A remarkable aspect of the Empire was its slow evolution to what we now know as the Commonwealth of Nations. The US, of course, revolted, leaving the family in 1776. No other colony left the family by way of revolution. Latin America is full of states that had wars of independence, and Asia has some too, notably Indonesia and Vietnam. None in Britain’s Asian colonies. By 1931 the Empire was reorganised to recognise the factual independence that had gradually developed in countries like Canada, Australia and South Africa. In 1949 the present name “Commonwealth of Nations” was adopted. The Queen became the “head” of the Commonwealth, but it was decided that India could be a member, though it was a republic. The “Colombo Plan” was adopted, adding a development program to the body. Students from developing member states gained scholarships to study in richer member countries.
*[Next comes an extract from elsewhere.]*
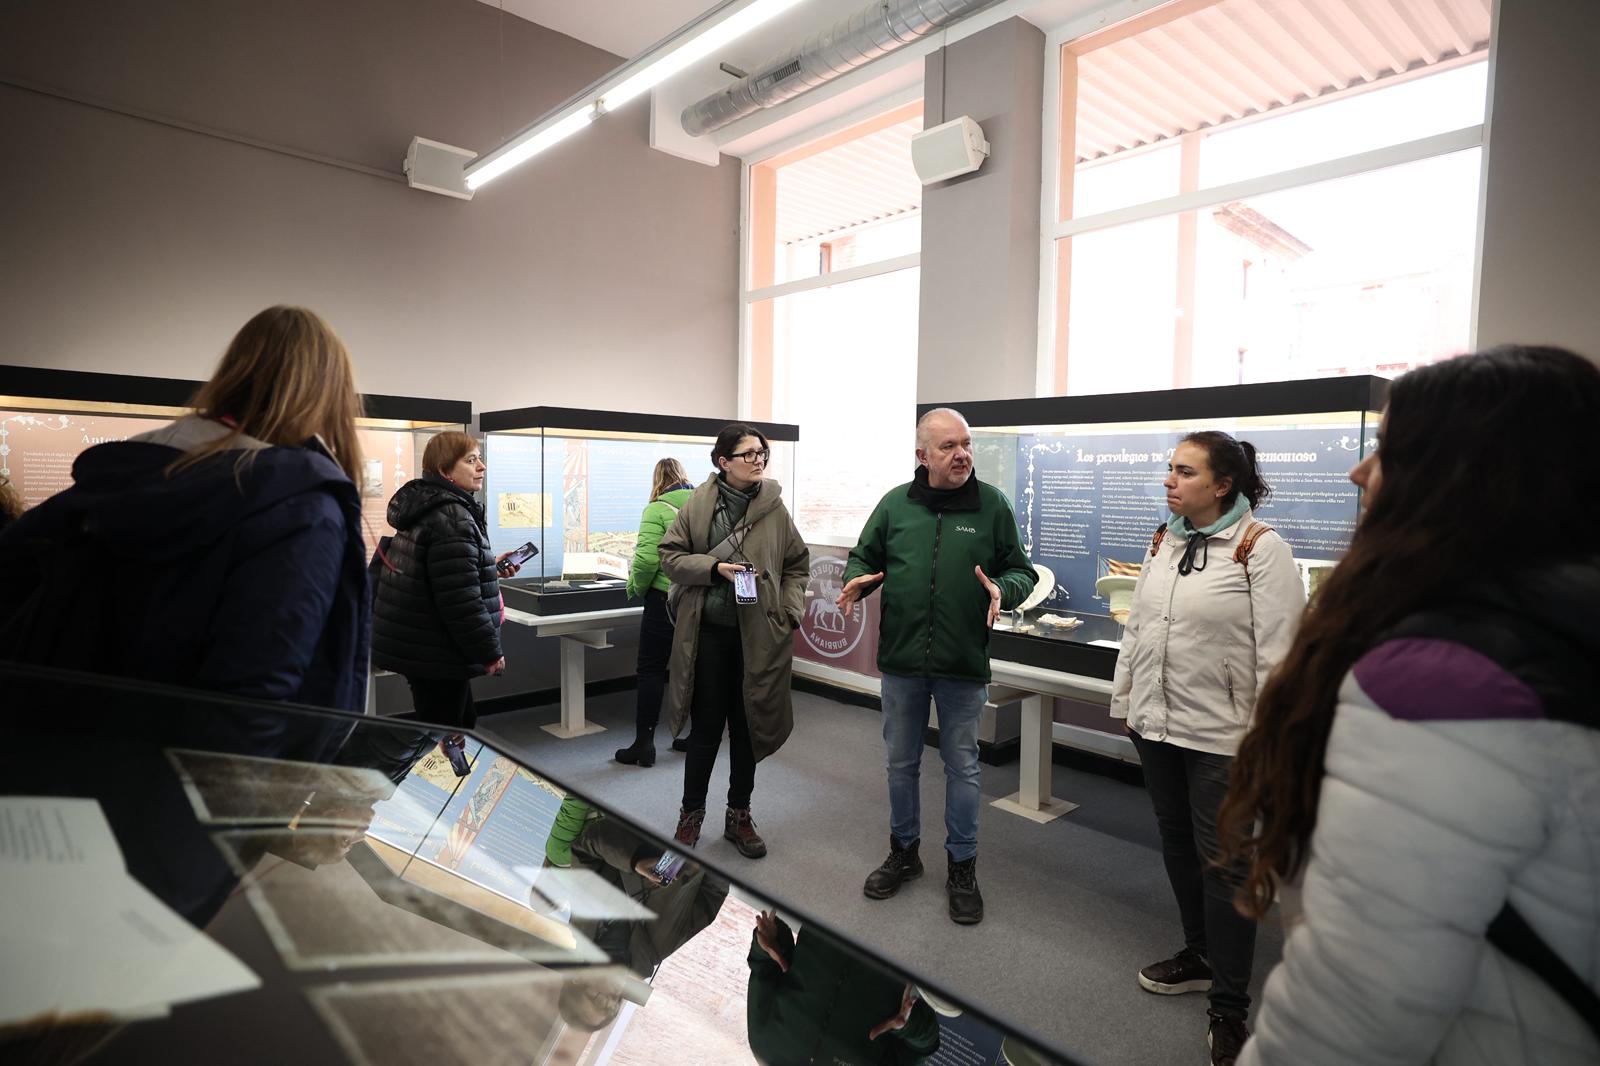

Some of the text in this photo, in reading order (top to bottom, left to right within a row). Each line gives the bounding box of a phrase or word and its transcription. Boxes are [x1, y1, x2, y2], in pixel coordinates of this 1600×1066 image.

Post-war decolonisation, beginning with India in 1949, basically changed the organisation. It now has 54 members. The revolting US is not in. Nineteen are in Africa. Eleven are in Oceana. Ten are in the Caribbean. Eight are in Asia. Member countries have a total population of 2.2 billion. Of course, 1.21 billion are in India alone.

The Empire evolved first into a friendly club of the ‘white Dominions’ in 1931. It adopted a development focus after 1949. With decolonisation it became a predominantly third-world organisation. Could it become an advocate of human rights? It was deeply divided over sanctions against racist governments in Southern Rhodesia (now Zimbabwe) and South Africa. It has a history of censuring some countries for gross violations of human rights and democracy. It has suspended, at times, Fiji, Pakistan, Nigeria and Zimbabwe. It has broad policies on human rights and, in particular, against racism. But could it become a more active advocate of human rights?